- EXERCISE REQUIREMENTS: Pictures aside, restate the records below exactly as written.

- EXERCISE MATERIAL:
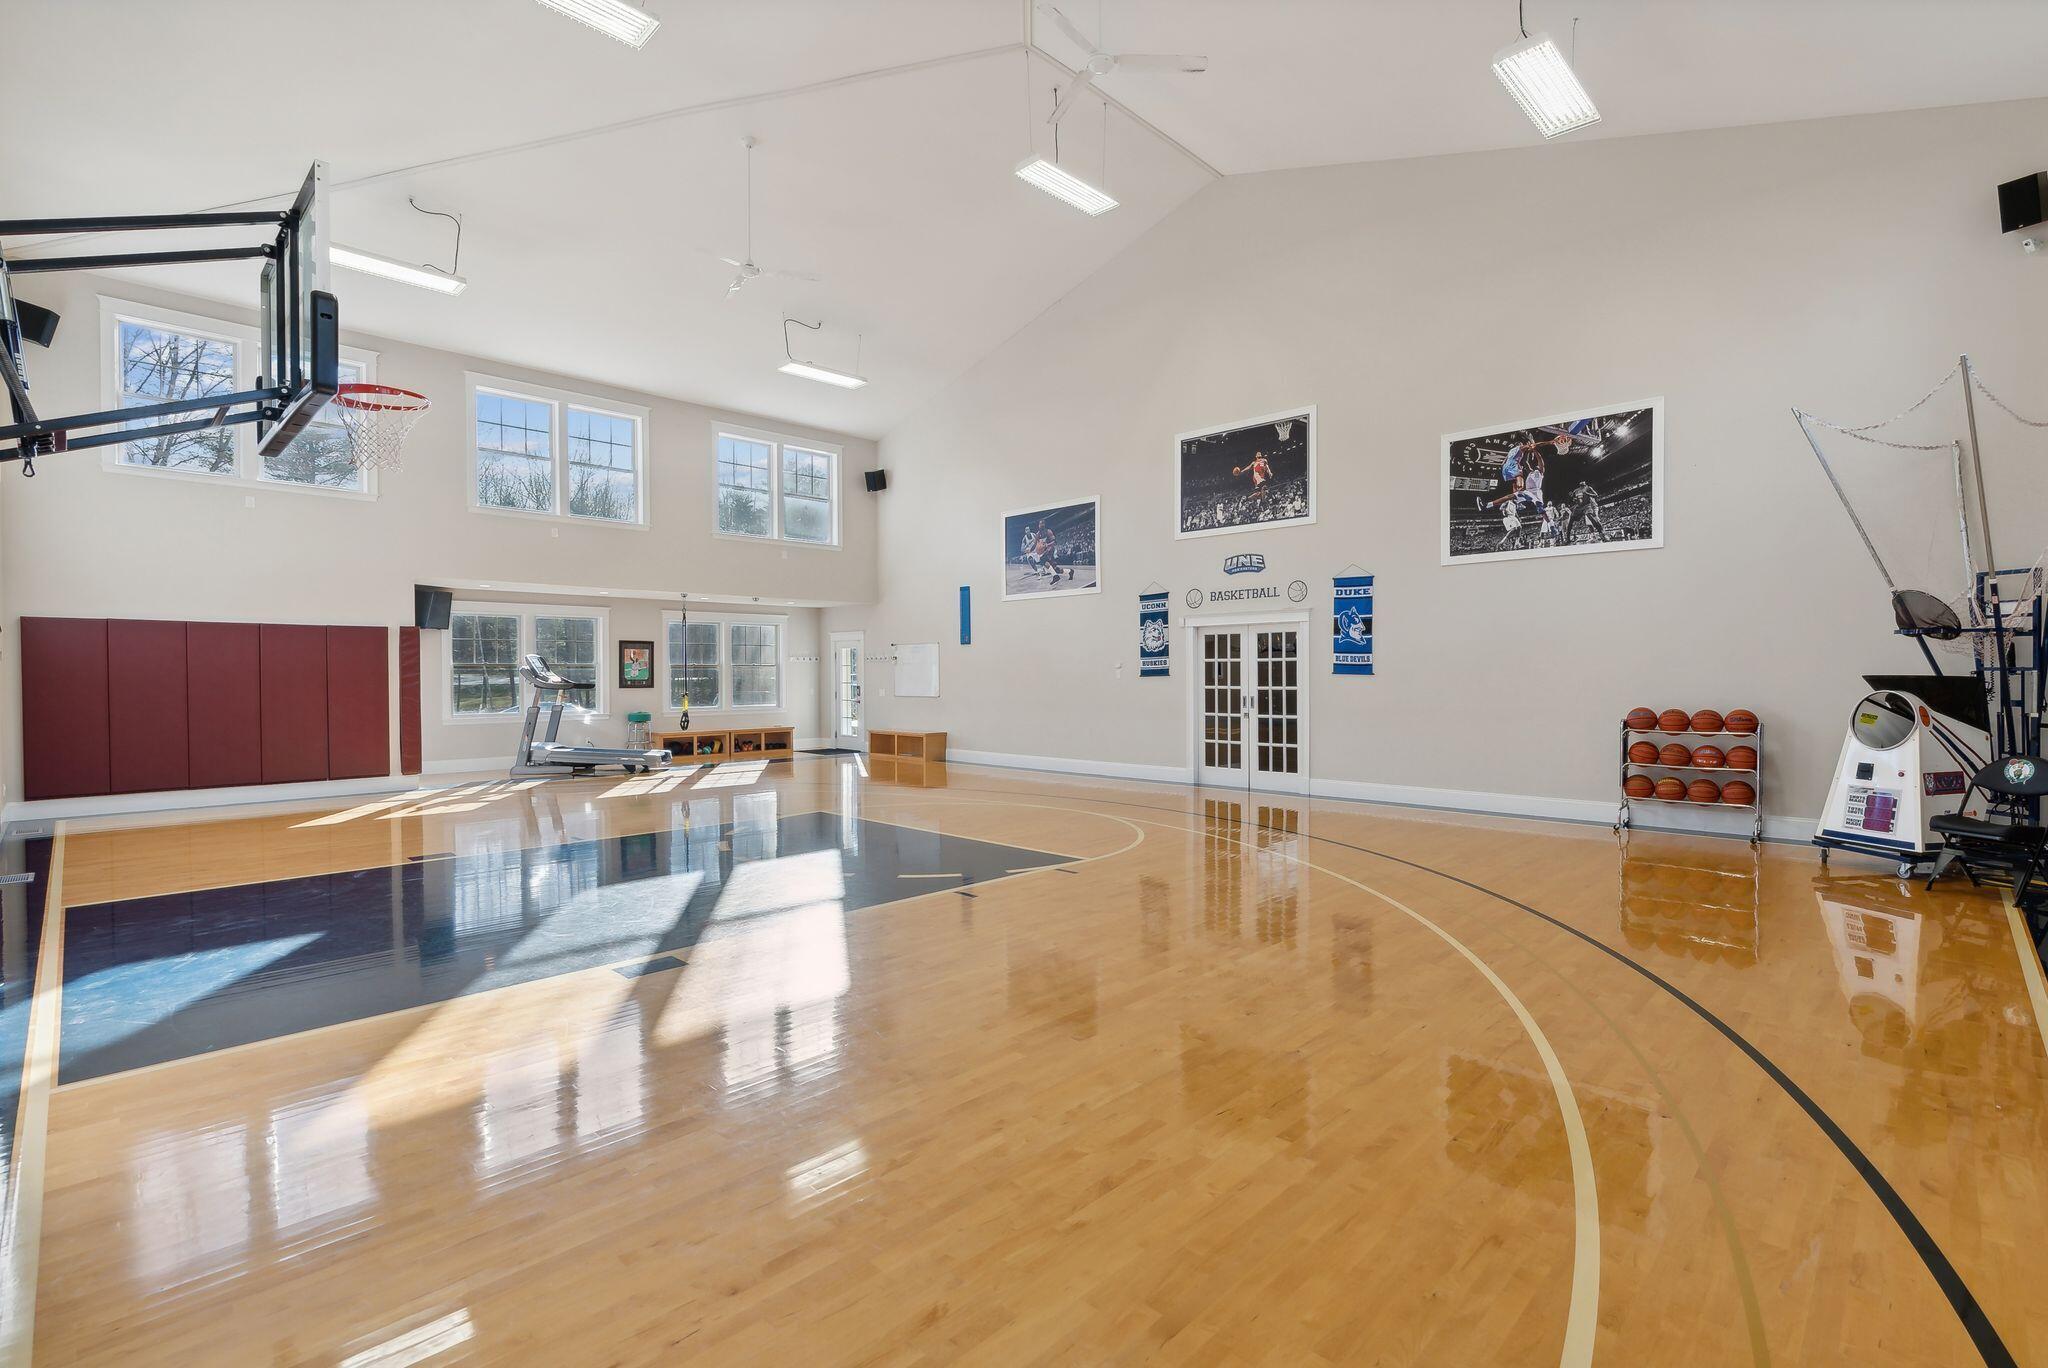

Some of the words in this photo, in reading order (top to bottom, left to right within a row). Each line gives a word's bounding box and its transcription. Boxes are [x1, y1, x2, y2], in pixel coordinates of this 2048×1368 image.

[1224, 554, 1265, 570] UNE
[1210, 587, 1280, 602] BASKETBALL
[1335, 588, 1370, 597] DUKE
[1141, 602, 1167, 610] UCONN
[1142, 659, 1168, 667] HUSKIES
[1350, 654, 1371, 663] DEVILS
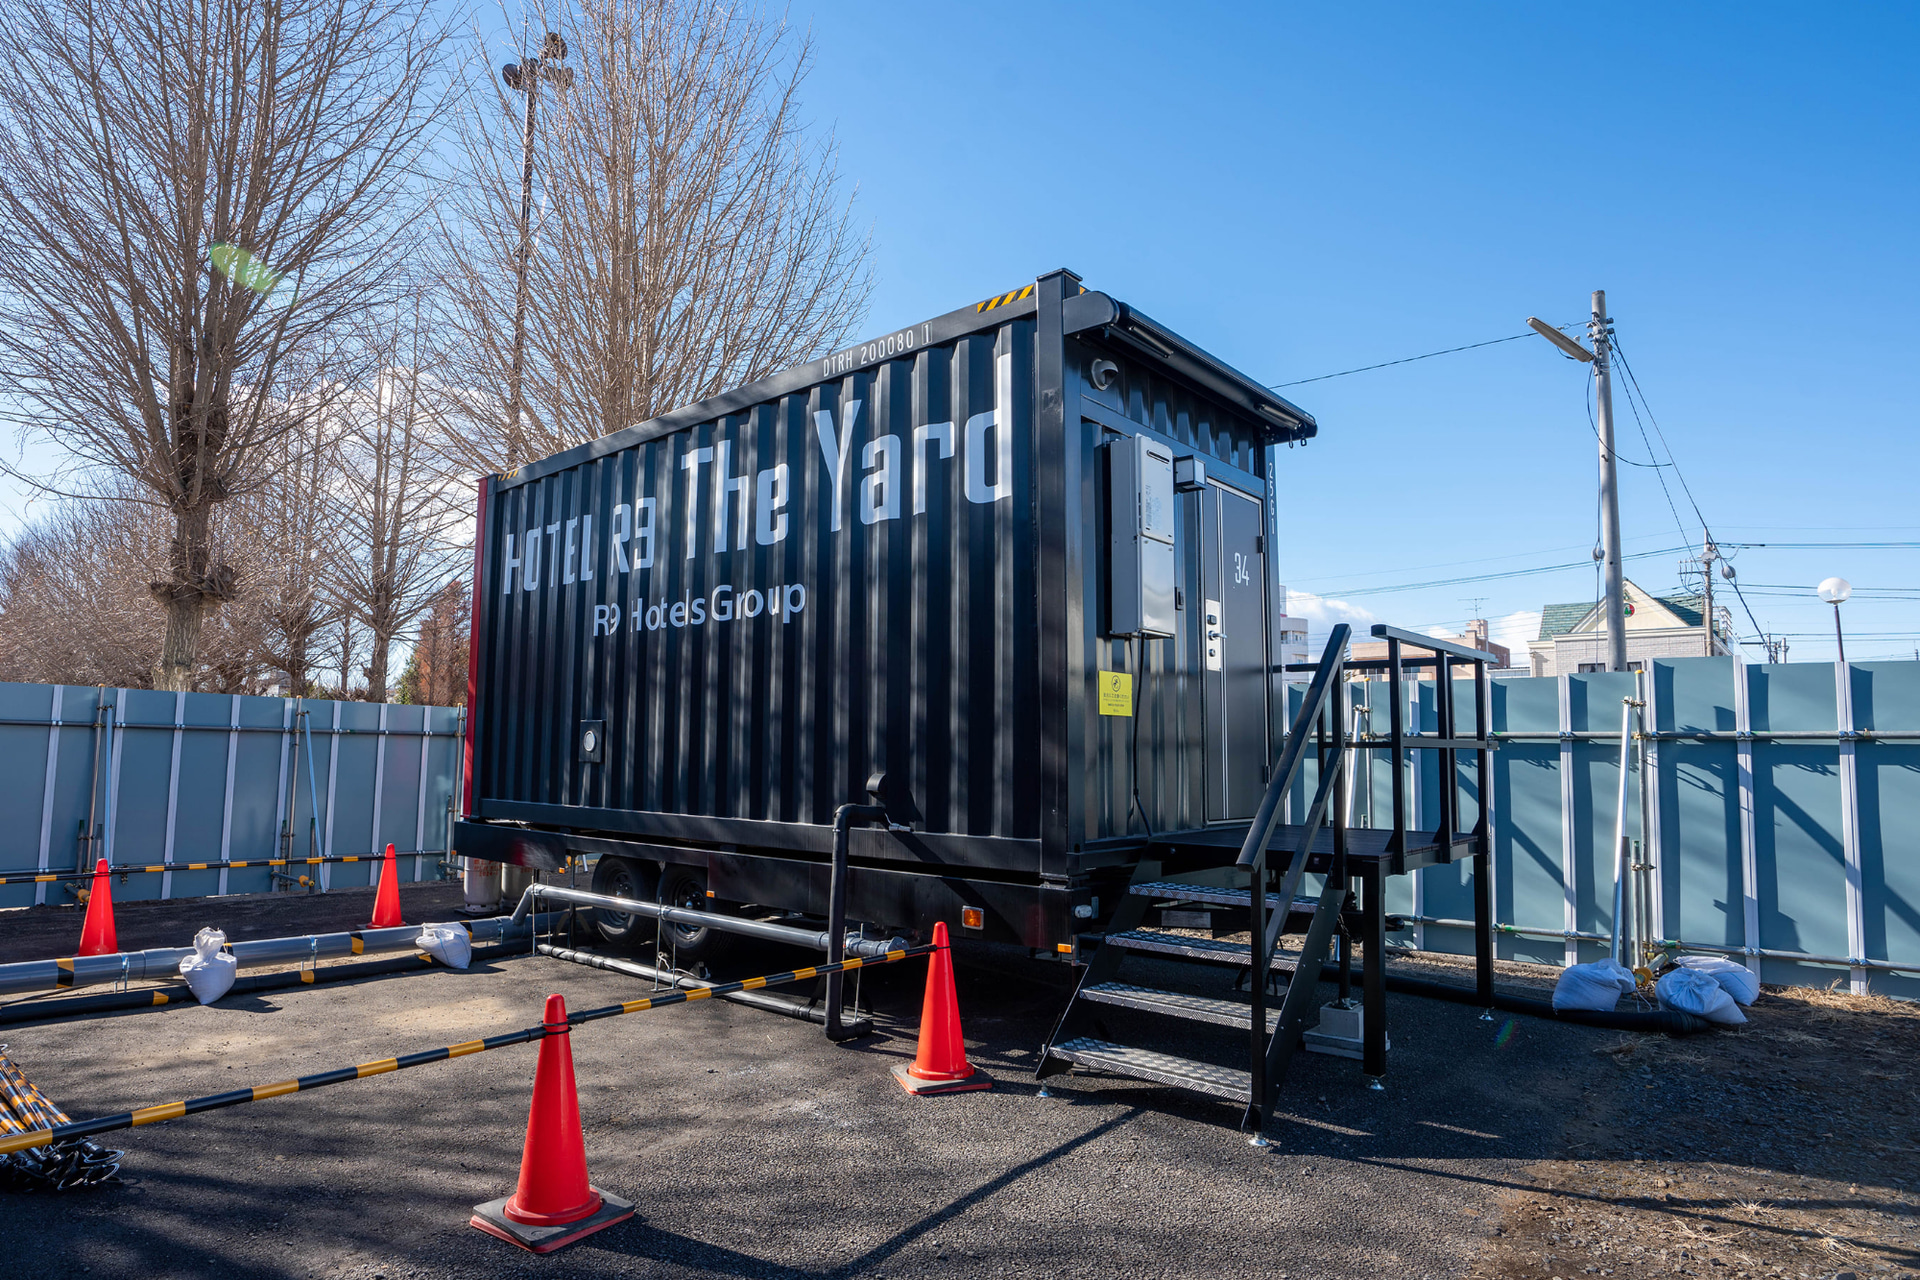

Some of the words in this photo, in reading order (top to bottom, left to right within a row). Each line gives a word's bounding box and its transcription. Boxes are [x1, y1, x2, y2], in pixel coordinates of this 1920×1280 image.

[823, 350, 853, 377] DTRH
[860, 329, 914, 365] 200080
[503, 514, 593, 595] HOTEL
[610, 497, 656, 576] R9
[680, 439, 790, 560] The
[813, 352, 1012, 532] Yard
[1234, 552, 1250, 586] 34
[593, 603, 621, 637] R9

- TASK OUTPUT:
Some of the words in this photo, in reading order (top to bottom, left to right within a row). Each line gives a word's bounding box and its transcription. Boxes are [x1, y1, x2, y2], in pixel coordinates of this 2048×1368 image.

[1224, 554, 1265, 570] UNE
[1210, 587, 1280, 602] BASKETBALL
[1335, 588, 1370, 597] DUKE
[1141, 602, 1167, 610] UCONN
[1142, 659, 1168, 667] HUSKIES
[1350, 654, 1371, 663] DEVILS

Some of the words in this photo, in reading order (top to bottom, left to right within a row). Each line gives a word's bounding box and its transcription. Boxes are [x1, y1, x2, y2], in pixel coordinates of this 1920×1280 image.

[823, 350, 853, 377] DTRH
[860, 329, 914, 365] 200080
[503, 514, 593, 595] HOTEL
[610, 497, 656, 576] R9
[680, 439, 790, 560] The
[813, 352, 1012, 532] Yard
[1234, 552, 1250, 586] 34
[593, 603, 621, 637] R9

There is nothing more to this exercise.